Tous ces éléments permettent d'affirmer que la vidéo a bien été tournée le 1er août en Afrique du Sud, soit plusieurs mois avant le début de l’épidémie du coronavirus qui s’est déclarée fin décembre dans la ville de Wuhan en Chine.

Aucun vaccin, mais beaucoup de polémiques 

Depuis plusieurs jours, les publications affirmant que l’Occident va réaliser des tests de vaccin contre le coronavirus en Afrique inondent les réseaux sociaux.

Ces rumeurs sont notamment alimentées par une discussion polémique entre deux médecins dans une émission de télévision française le 1er avril sur l’opportunité de mener des tests en Afrique.

Ils ne parlaient toutefois pas d’un nouveau vaccin mais de tester l’efficacité (ou non) du vaccin anti-tuberculeux BCG contre le coronavirus. Ces tests sont actuellement déjà menés ou sur le point d’être lancés dans certains pays d’Europe et en Australie.

Si de nombreuses recherches scientifiques sont en cours, aucun vaccin contre le nouveau coronavirus n’est actuellement disponible.

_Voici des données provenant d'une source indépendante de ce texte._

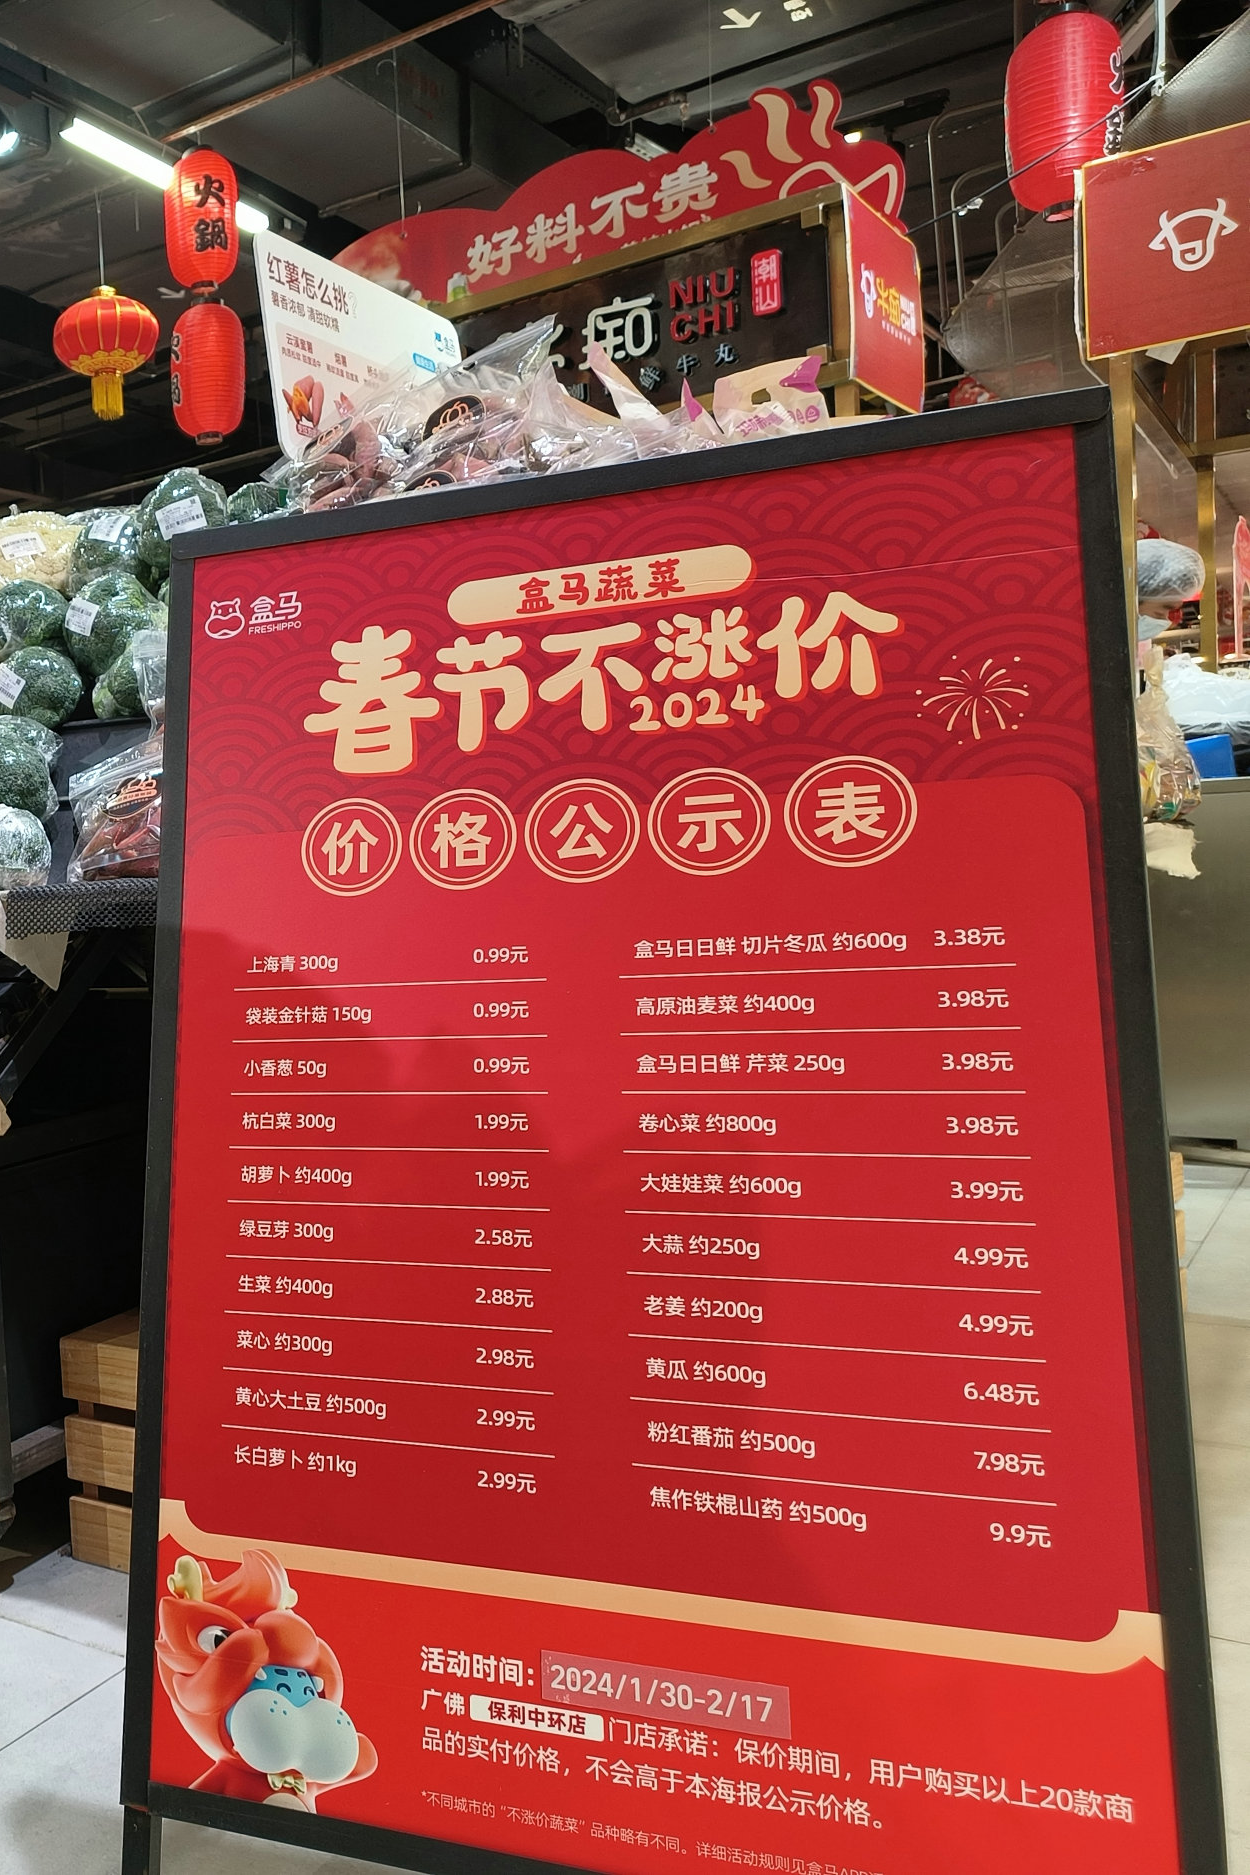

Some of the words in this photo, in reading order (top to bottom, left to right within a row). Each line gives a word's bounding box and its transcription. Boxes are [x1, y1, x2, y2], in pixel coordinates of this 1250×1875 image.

Plus d'un million et demi de cas d'infection par le nouveau coronavirus étaient officiellement déclarés dans le monde le 9 avril à 11h00 GMT, dont près de 89.000 décès, selon un comptage réalisé par l'AFP à partir de sources officielles.

*Outil développé notamment par l'AFP et permettant, entre autres, d'effectuer des recherches 
inversées à partir de vidéos.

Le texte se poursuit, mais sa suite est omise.